Readers: Hallee is offering a giveaway! Comment on this blog post or share it on social media and tag @DawnProchovnic and @HalleeAdelman by August 7, 2019 to enter the giveaway of a signed copy of My Quiet Ship book and a Pop up Rocket Play Tent.

To make your own quiet ship or to download a free lesson plan, head over to www.myquietship.com. Hallee’s next book, Way Past Mad, steams out in Spring 2020. 

Hallee Adelman is committed to bettering the lives of children and families through education and story. With a Ph.D. in Educational Leadership and Learning Technologies, Hallee has taught university and elementary students, having been nominated for the Disney Teacher of the Year Award on multiple occasions. Hallee has also served various organizations related to children and/or education such as Franklin Institute, Please Touch Museum, and Simon’s Heart.

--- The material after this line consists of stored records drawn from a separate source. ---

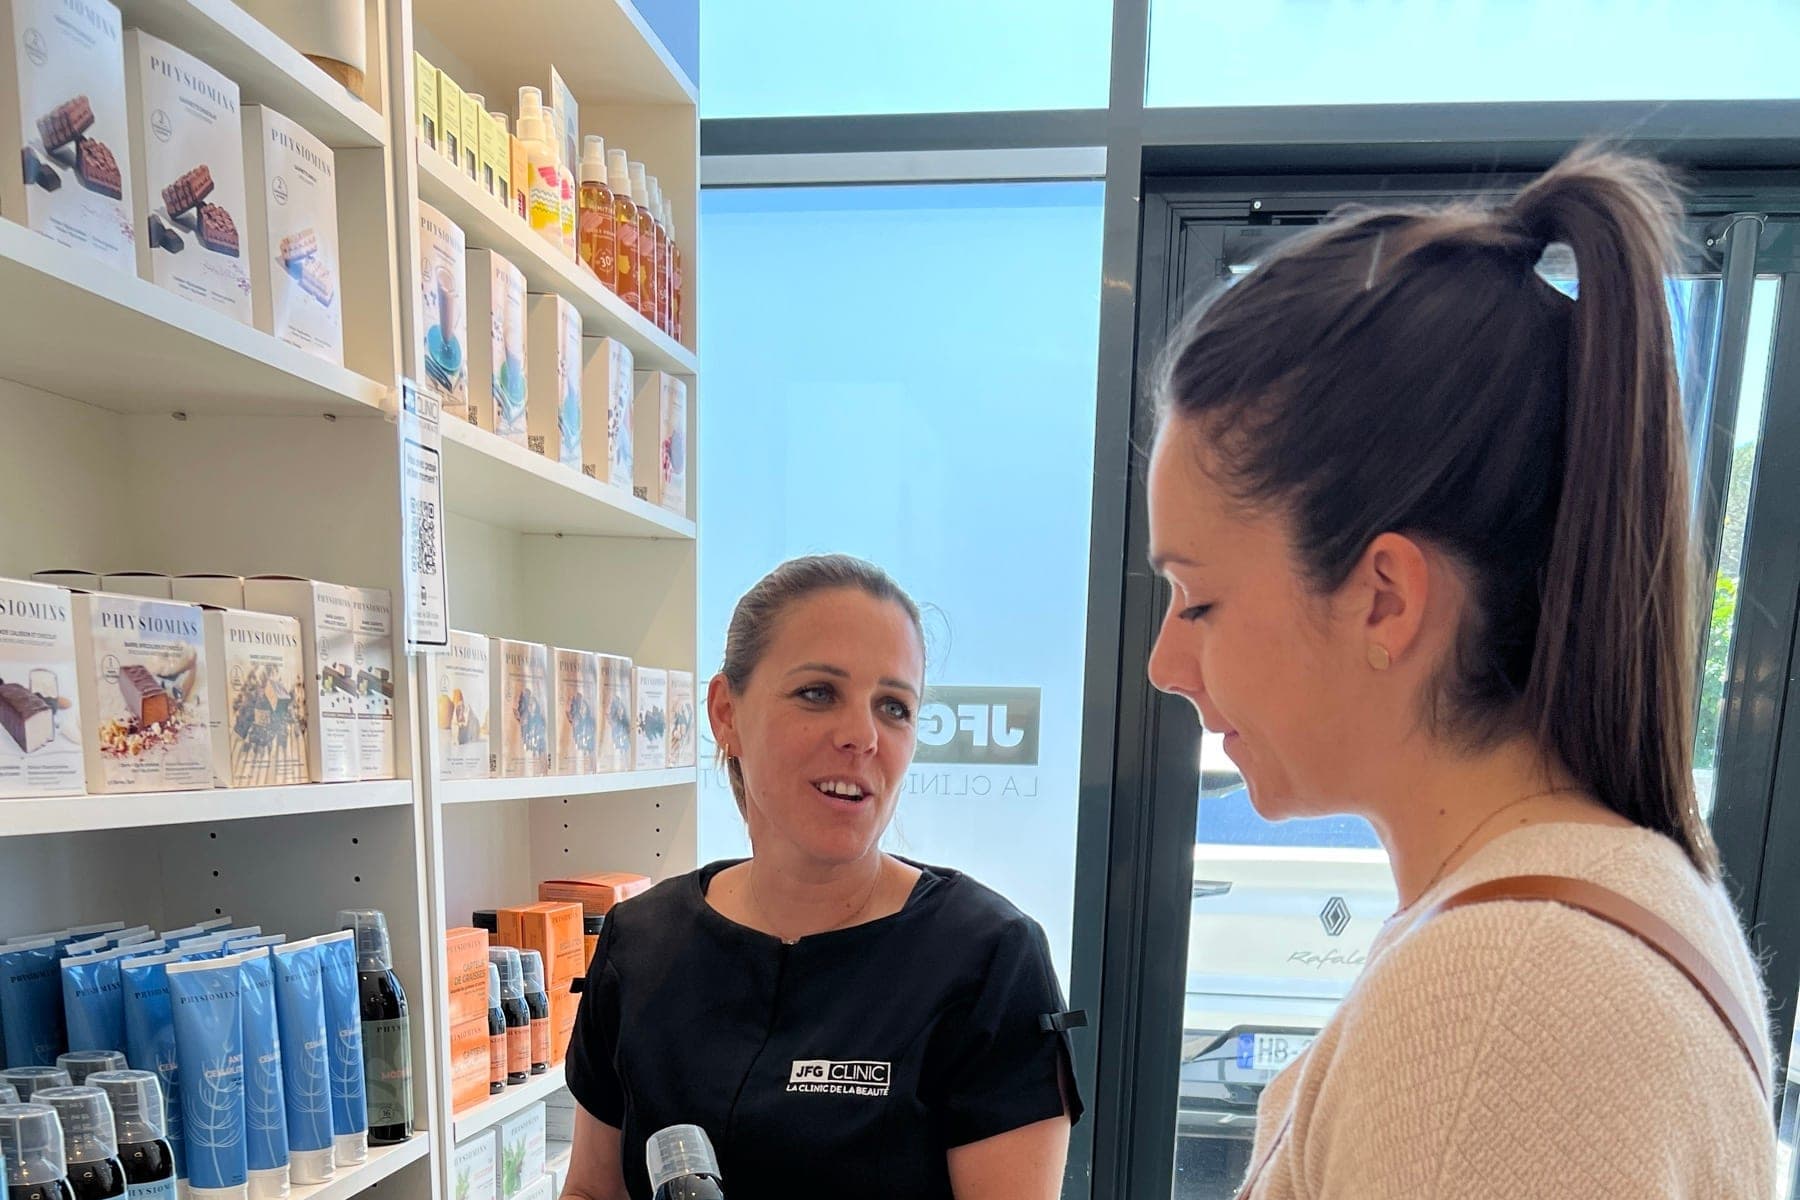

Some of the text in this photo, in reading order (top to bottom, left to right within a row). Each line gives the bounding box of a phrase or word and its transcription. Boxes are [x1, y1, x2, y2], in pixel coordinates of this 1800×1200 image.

[150, 55, 235, 113] PHYSIOMINS
[271, 128, 332, 177] PHYSIOMINS
[102, 612, 198, 637] PHYSIOMINS
[230, 628, 297, 647] PHYSIOMINS
[1258, 1037, 1313, 1064] HB-
[796, 1064, 885, 1081] JFG CLINIC
[786, 1084, 889, 1097] LA CLINIC DE LA BEAUTÉ
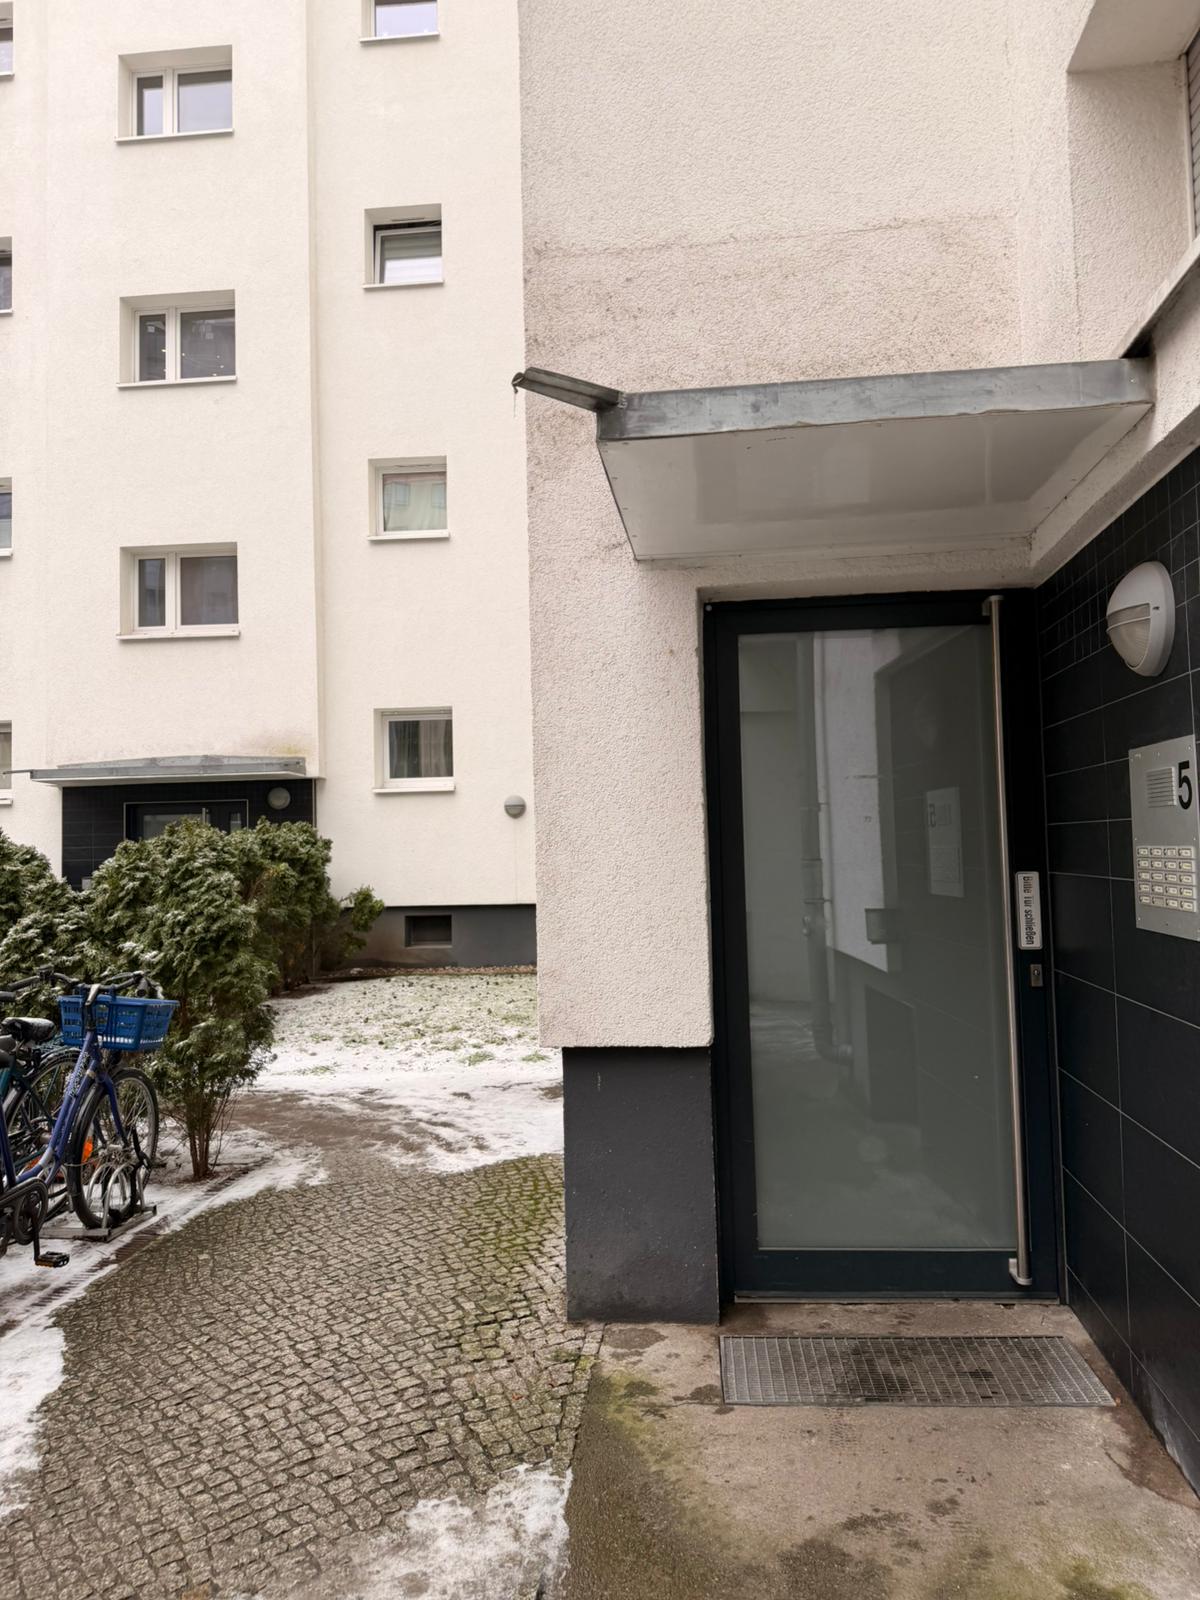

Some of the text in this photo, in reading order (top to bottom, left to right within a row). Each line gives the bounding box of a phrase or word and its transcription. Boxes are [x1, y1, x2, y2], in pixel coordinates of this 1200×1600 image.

[1178, 760, 1192, 810] 5
[1023, 876, 1036, 945] Bitte Tür schließen
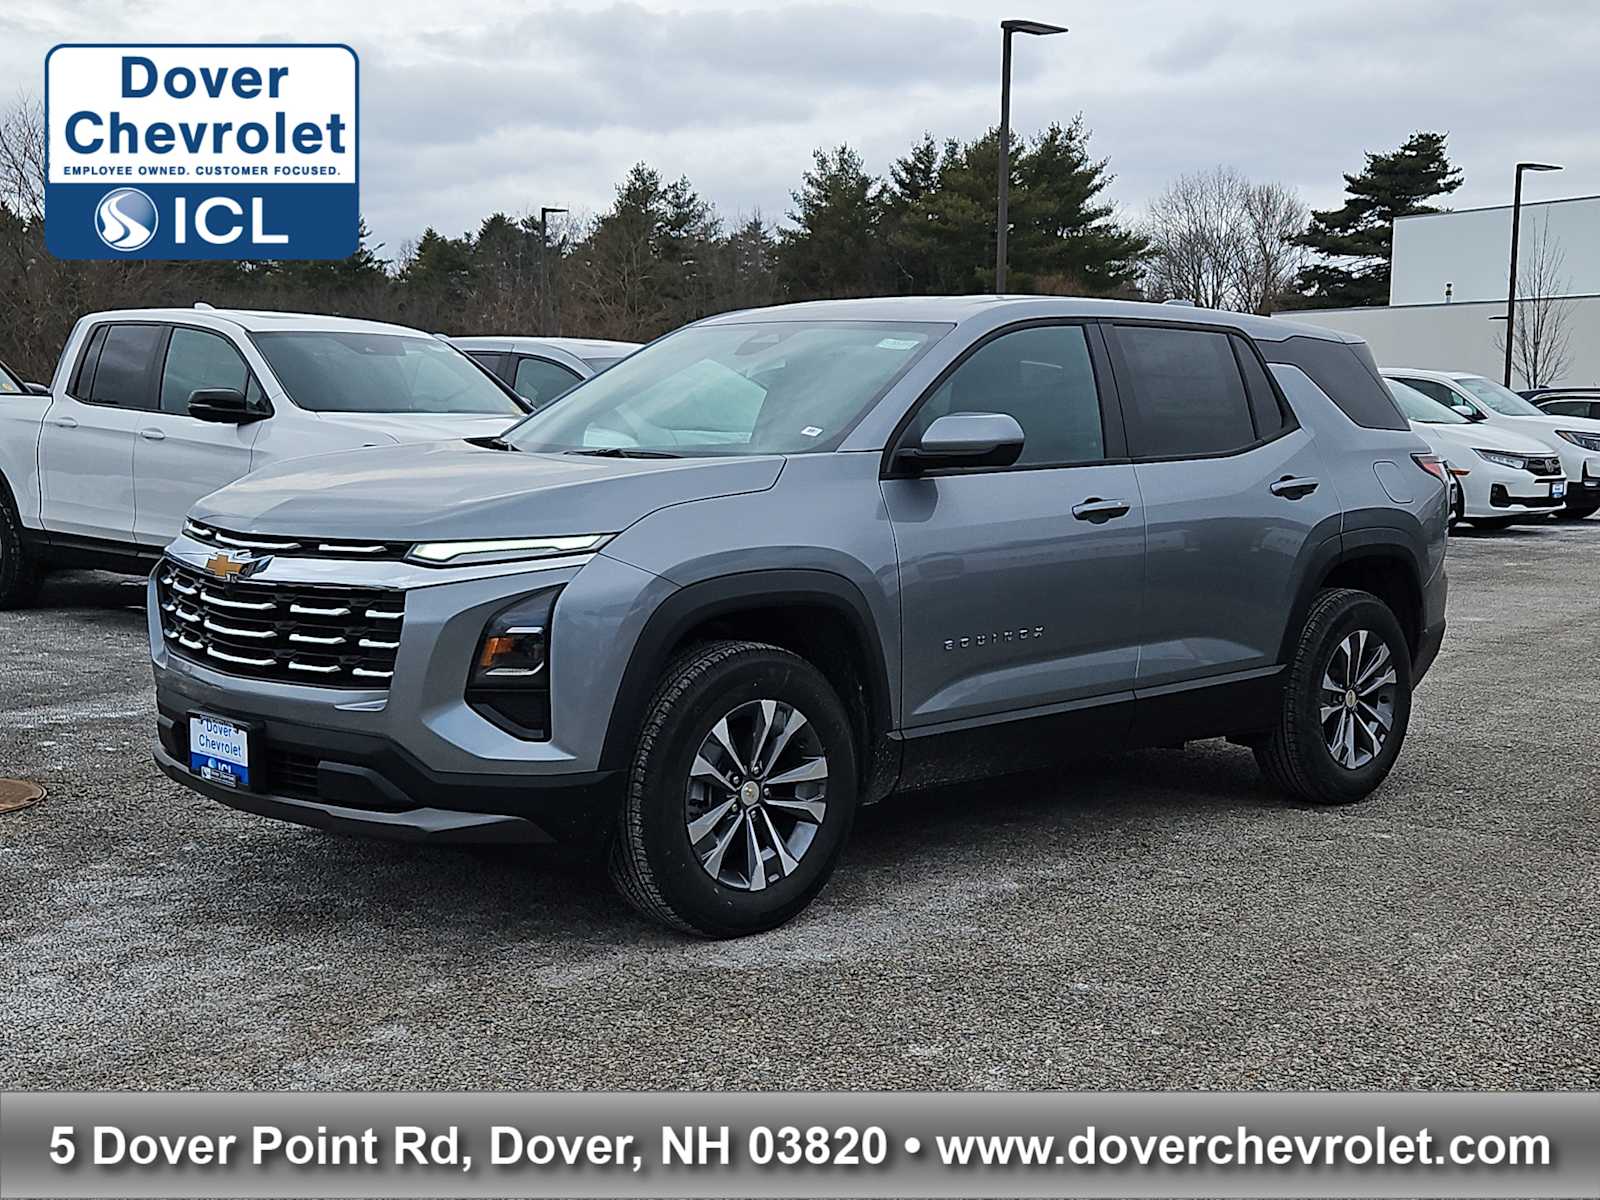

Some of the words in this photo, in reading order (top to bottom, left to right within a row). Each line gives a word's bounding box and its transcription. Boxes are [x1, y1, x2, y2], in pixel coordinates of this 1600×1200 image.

[943, 625, 1044, 650] EQUINOX
[206, 719, 232, 737] Dover
[199, 734, 241, 757] Chevrolet
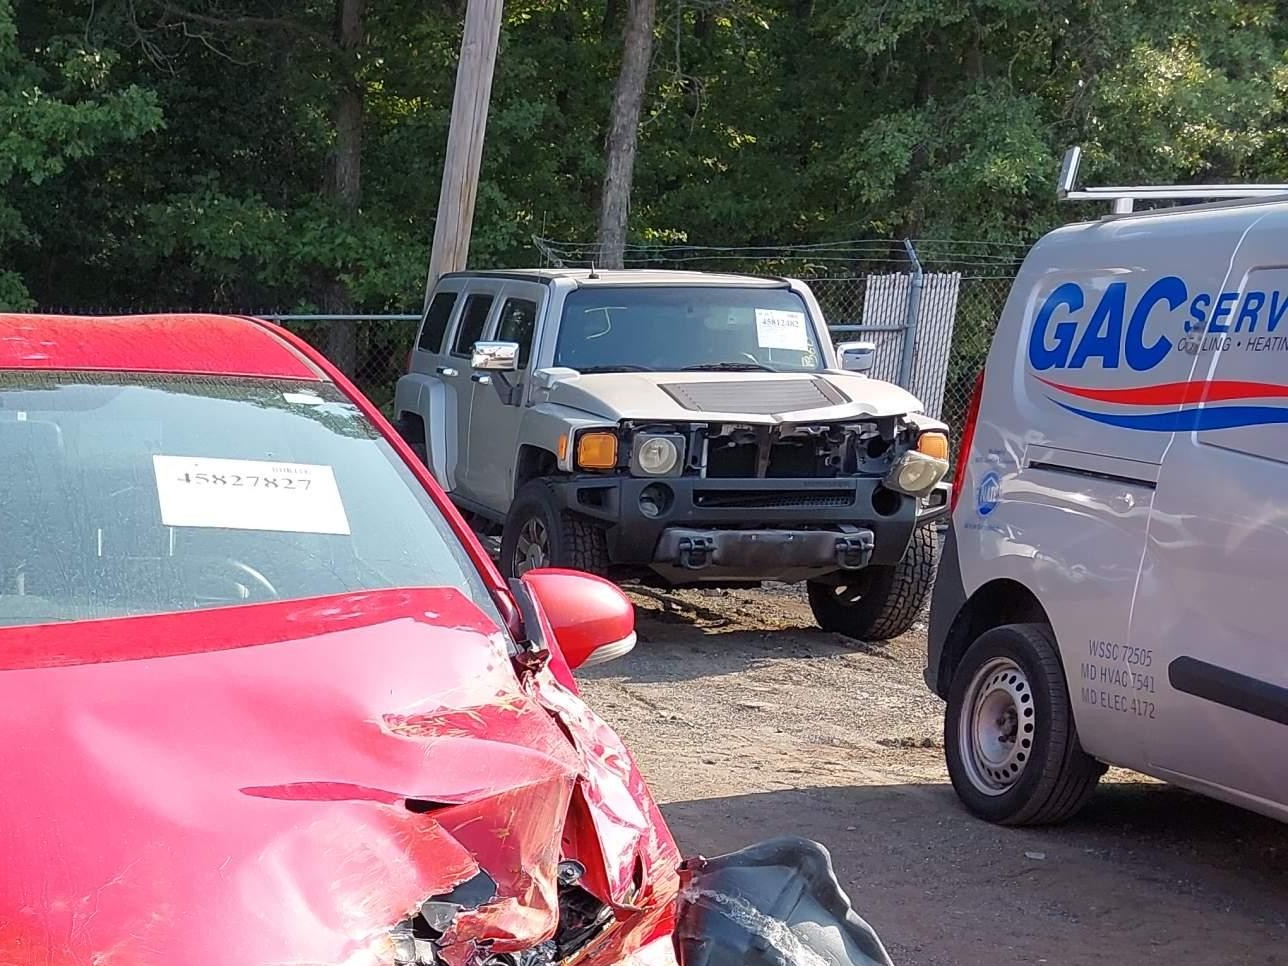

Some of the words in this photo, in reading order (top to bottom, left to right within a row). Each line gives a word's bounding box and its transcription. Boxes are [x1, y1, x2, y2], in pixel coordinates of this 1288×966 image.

[1029, 276, 1188, 371] GAC
[1177, 337, 1233, 352] CLING
[177, 472, 312, 491] 45827827
[1089, 639, 1119, 661] WSSC
[1122, 645, 1153, 667] 72505
[1081, 663, 1097, 681] MD
[1100, 666, 1128, 688] HVAC
[1131, 672, 1155, 694] 7541
[1081, 687, 1097, 705] MD
[1100, 691, 1128, 713] ELEC
[1131, 698, 1155, 720] 4172

My Quiet Ship (2018) was her debut picture book. Her next book, Way Past Mad, is due out Spring 2020. Hallee loves sharing writing tips with educators, children, and teens. She is married with two children and two dogs.

Random fact: Hallee does work in film and is the producer/director of an upcoming documentary (Our American Family, 2020).

Have Swag Will Travel is an occasional feature of Dawn Babb Prochovnic's blog. Dawn is the author of multiple picture books including Where Does a Cowgirl Go Potty?, Where Does a Pirate Go Potty? (forthcoming, 2019), and 16 books in the Story Time With Signs & Rhymes series. Dawn is a contributing author to Oregon Reads Aloud and a frequent presenter at schools, libraries, and educational conferences. Contact Dawn using the form at the left, or learn more at www.dawnprochovnic.com.


  1. Such a great post. As a teacher and a librarian, I can say this advice is fantastic. I love the curricular tie-ins and I appreciate the classroom management tips such as the movement and clap back strategies. These will help authors who do not have education backgrounds so much and help them keep this area of school visits in mind as it is easy to overlook. I especially love how Halle gets the students to think and create beyond the text! And all while making a tough topic approachable.

    1. I couldn't agree more! Hallee's tips are applicable to her story, AND to anyone who wants to glean some pro tips!

  2. All of your suggestions are wonderful Thank you for sharing! As a former reading specialist who has read books to many groups of students, I really connected with all of your techniques and know how helpful they are. I'll definitely be checking out My Quiet Ship.

    1. Dear Rose,
      You are the winner of the giveaway. Please DM me within the next week using the contact form on the left of the blog, or via social media: Twitter @DawnProchovnic / FB: @DawnProchovnicAuthor to provide your mailing address so Hallee can send your prizes.

  3. I love the concept of the story and the description of your classroom visit is wonderful. Thanks so much for sharing.